The city paid overtime so officers could mentor children as part of the Big Brothers Big Sisters program, shoot hoops at weekly open gyms, help with homework and play board games. Officers planned youth sports tournaments and pizza lunches with kids. Some with master's degrees taught criminal justice courses at the high school for which students got college credit.
The result: Juvenile arrests in the city have been cut by more than half from 243 in 2007 to 106 last year. The suspension rate at the local high school has dropped 130 percent, and kids and police say the relationship has warmed in classrooms and on the street.
On Thursday, the Department of Justice held up this police and school collaboration as a national role model in stark contrast to the climate of mistrust that now dominates police-community relations in many cities across the country.

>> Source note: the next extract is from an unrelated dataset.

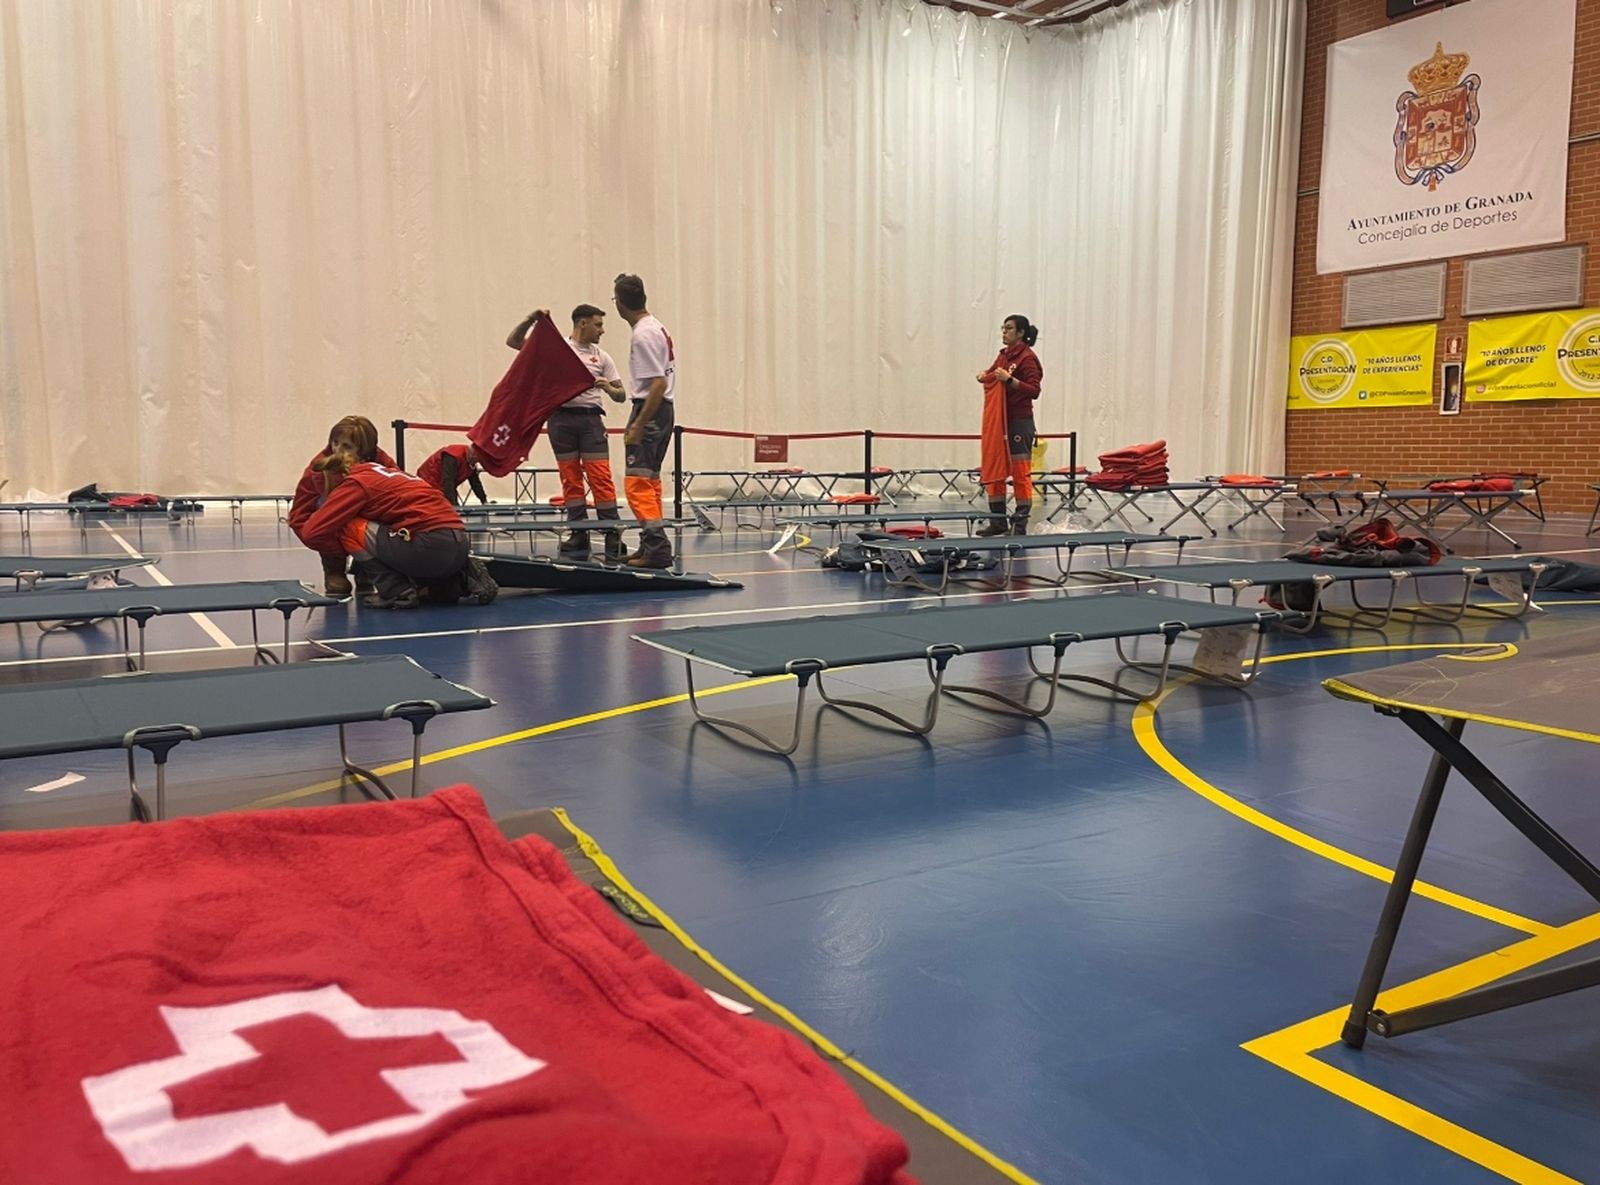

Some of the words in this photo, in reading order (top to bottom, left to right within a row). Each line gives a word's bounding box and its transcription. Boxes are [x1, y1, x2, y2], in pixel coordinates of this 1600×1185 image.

The U.S. Department of Justice awarded Columbia Heights police and public schools the 2015 L. Anthony Sutin Civic Imagination Award. They're the only department and district in the country to earn the honor this year.
Ronald L. Davis, director of DOJ community policing, traveled from Washington, D.C., to hand the award to Chief Scott Nadeau and Superintendent Kathy Kelly.
Davis lauded the steep declines in arrests and high school suspensions, saying it's this type of work that will short-circuit the school-to-prison pipeline.
"Every percentage point that you reduce, you are saving a young person's life, quite literally. … You should be extremely proud," he said.